Let’s break workplace culture down by looking at three key predictors of great workplace culture that we encounter in our client’s workplaces

  • Defined expectations
  • Accountability to the expectations
  • Leadership role modelling and accurate leadership self insight

We will expand on each – because as great predictors of the quality of workplace culture, they are also the most effective levers you can pull to improve workplace culture.

Defined expectations improve workplace culture.

At The Real Learning Experience, we approach the world from a generous place – with the assumption that most people come to work wanting to do a good job. As managers, we just need to ensure that people know what good looks like.

Quote

What does good look like in your workplace? How about great? For defined expectations to be effective in shaping great workplace culture, they have to describe what your ideal workplace culture looks like.

It isn’t enough to say, ‘work hard and treat each other nicely.’ You need to provide an explicit target for people to aim at.

If you want a great workplace culture, define what that means and then make those your clear, consistent and communicated expectations. Again, achieving this is simple but not easy – a quick executive brainstorm won’t deliver these – but what you need to do is straightforward.

Broadly, the two main elements of work are technical performance and behavioural or cultural fit. You need ways to define each:

  • Values tell people how they should act with each other. They guide behavioural choices that are consistent with your ideal workplace culture. If you don’t have values – or if your values aren’t authentic – that’s your starting point. Read our blog on values here.
  • Rather than trying to define every aspect of high technical performance, connect people with why they are doing what they do. For example, we don’t over manage how our team delivers consulting, coaching and training, we emphasise why we do those things. Because people deserve great workplaces, and because workplaces deserve great people.

Accountability.

Organisations talk about how they want things to be – but then they accept performance and behaviour that is misaligned with that. In our language, that is inauthentic – they need to either modify what they are aiming for or change their acceptance.

Accountability is about keeping people – and their choices and behaviour – aligned with the expectations we discussed in the previous section.

The problem with expectations is that most of them aren’t written down or explicit.
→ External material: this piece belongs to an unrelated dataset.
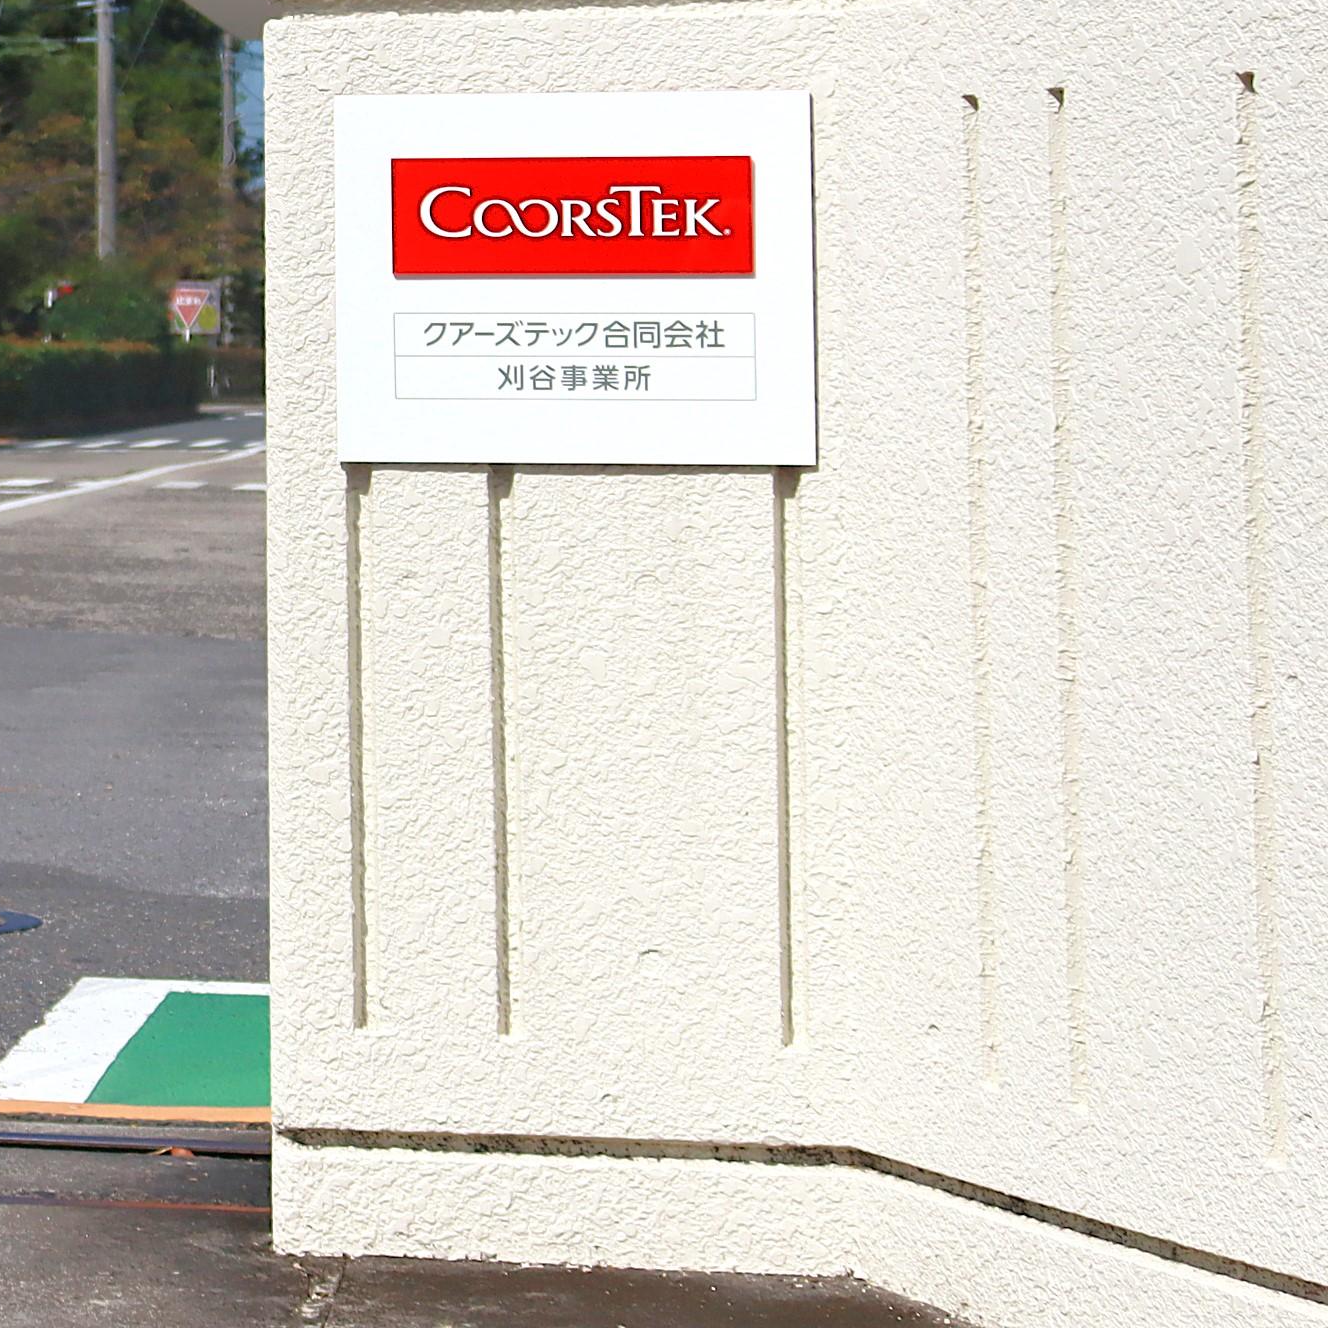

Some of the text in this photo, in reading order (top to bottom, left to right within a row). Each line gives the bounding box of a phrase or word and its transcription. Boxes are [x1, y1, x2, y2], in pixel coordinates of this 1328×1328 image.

[424, 320, 726, 349] クアーズテック合同会社
[497, 364, 651, 392] 刈谷事業所
Most of them aren’t contained in the carefully crafted emails, posters displaying values, etc written by managers – or in the things they say to their people.

Most expectations are implied by what actually happens in the organisation. When we say we expect everyone to deliver exceptional outcomes for the people they serve, but some team members get away with mediocre performance, what is the real expectation that people perceive?

When we have a value about Kindness proudly displayed on every office wall, but gossip is rife and no-one does anything about it, what is the real expectation?

We have to be careful about what we walk past because that becomes the implied expectation. If we aren’t prepared to hold team members accountable to the behaviours and actions that support your ideal culture, give up on that ideal now.

What you do speaks so loud

In workplaces that are great at defining expectations but poor at accountability, we find idealistic and frustrated people who bought into a vision only to find it was wafer thin. Give them enough time and we find people who are cynical, dismissive of attempts to fix things, and who hate the culture but take no responsibility for it.

Shortly after, we see the exodus – normally of the people you want to keep while you accumulate and attract people that keep you culture anchored where it is.

What does accountability look like? It’s being prepared to look past the individual (their rank, their tenure, their prickliness and defensiveness, their perceived value) and seeing the behaviour or performance for what it is – and then insisting everyone commits to the defined expectations.

In our next blog, we will do a deep dive on accountability – subscribe below so you don’t miss it

Leadership role modelling and accurate leadership self insight.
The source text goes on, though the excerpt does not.